COVID-19 cases reach new highs in Ontario, especially among young people

Young people and social gatherings being blamed for the new increases

Restaurant patrons on outdoor patios downtown Toronto amidst a rise in new COVID-19 cases
As daily cases continue to rise in Ontario, Torontonians continue to take advantage of outdoor patios downtown Saturday evening.  Madeline Smart/Toronto Observer

New daily COVID-19 cases have been on the steady increase in Ontario through September. Today the province has recorded 700 new cases with 344 in Toronto.

Despite Premier Doug Ford confirm the province is in fact in our second wave of the virus, no new limitations have been announced.

So far, strip clubs have been the only businesses forced to close and indoor gathering numbers have been reduced to 10 people and outdoor gatherings from 25.

Young people and social gatherings are being blamed for the new increases as people under 40 represent 60 per cent of the new cases according to Minister of Health Christine Elliot.

Biostatistician and high school teacher Ryan Imgrund has been studying and predicting COVID-19 cases, and releasing daily data graphics on his twitter since April.

He emphasized in a phone interview that this rapid increase of cases is not at all a surprise. He saw the trend coming back in July but, says we need to take serious actions soon and move past blaming young people.

Data table showing how age groups are expected to contribute to COVID-19 cases in Ontario.
Imgrund’s data anticipates those in their twenties will likely be expected to contibute to regional COVID-19 cases two times more than expected this month. (Source: Ryan Imgrund, Sept. 22)

Imgrund said there need to be clearer guidelines, as well as messaging as to how this new trend will manifest, if more serious intervention isn’t taken soon. 

“We just need to understand that cases in the younger generation are going to drive growth in the older population,” Imgrund said. “And when the older population gets sick, that’s what drives hospitalizations, that’s what drives increased ICU utilization, that’s what requires more ventilators, and that’s what will inevitably lead to more deaths as well.” 

Science communicator and neuroscientist Samantha Yammine who’s recent focus has been breaking down COVID-19 data and information on social media, where many public health agenices have been absent.

Yammine also believes the province should also be bracing and taking action for the reality that the cases within young people will likely spread to older generations, which was seen earlier in Florida and Marseilles, France.

Twitter thread showing how similar trends of a rise in COVID-19 cases in young people from other places in the world. (Source: Dr.
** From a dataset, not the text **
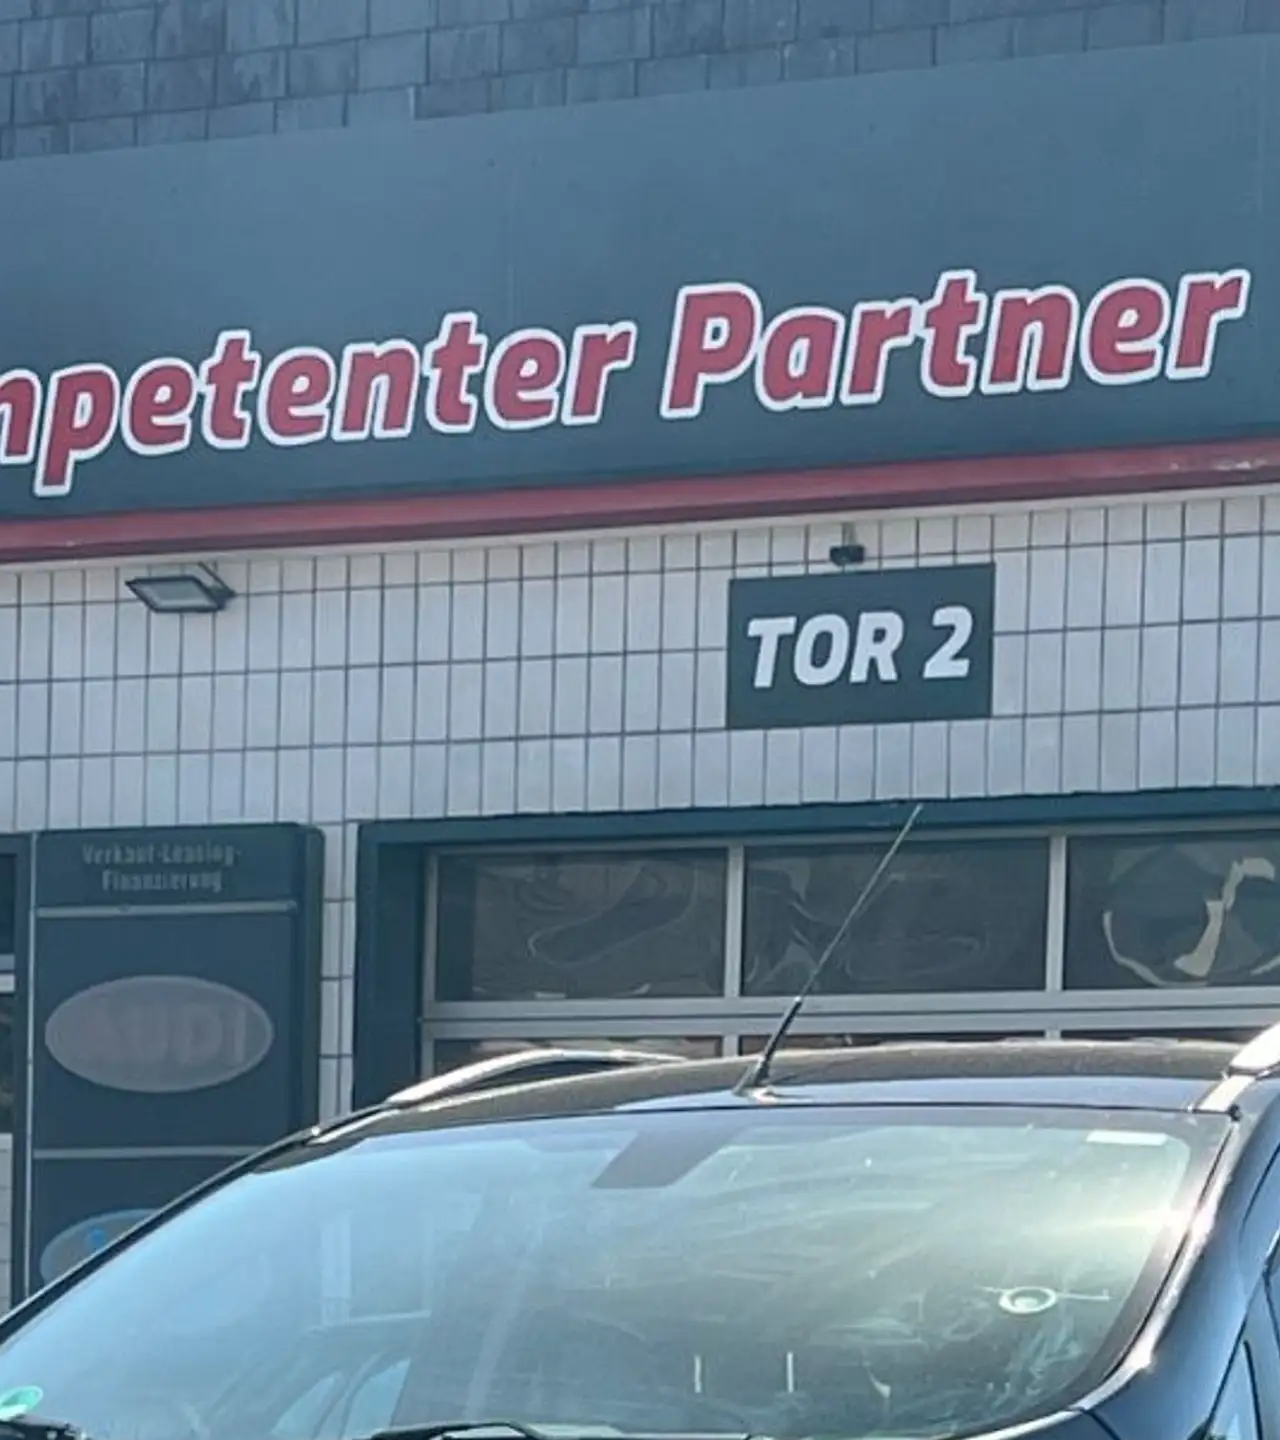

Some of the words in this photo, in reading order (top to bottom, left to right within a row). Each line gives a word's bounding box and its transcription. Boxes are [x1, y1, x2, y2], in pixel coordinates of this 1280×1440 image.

[659, 268, 1251, 421] Partner
[747, 611, 905, 688] TOR
[922, 605, 973, 679] 2
Emma Hodcroft’s twitter, August 19.)

Yammine, who goes by Science Sam on social media, ran an informal survey through her instagram last week where she asked her 20-something followers what they were finding the most difficult over the pandemic.

In an attempt to try and shed a light on the fact that many young people actually do care a lot about keeping themselves and those around them safe, there are just some factors that are keeping them from doing things “perfectly.”>
Yammine’s twitter thread sharing the results of her Instagram survey as an attempt to change the narrative on young people. (Source: Samantha Yammine’s twitter, September 15.)

Many of the survery responses featured issues with how they could continue to live their lives and basically survive without breaking the safety guidlines. Some of the most common issues were that they were forced to go back to work, sometimes in unsafe working conditions, as well as problems with maintaining a small bubble when living in a multigenerational home or with roommates. 

Yammine said that in order to minimize the spread of the new COVID-19 cases in younger people to the older generations, we need tighter bounds on what’s allowed and better communication, especially on the many grey areas that her survey revealed in part.

Malika Whelan, a 23-year-old masters student at Trent University, understands some older people may be frustrated with young people, but she wants them to know not everyone in her generation is being reckless right now. 

“I think it’s easy to place blame and I get it, but, in the end where does that really get us?” she said. “I think if you are going to place blame though, it should be placed collectively.”

“This is a global pandemic, people of all ages and demographics haven’t been doing their part,” Whelan said.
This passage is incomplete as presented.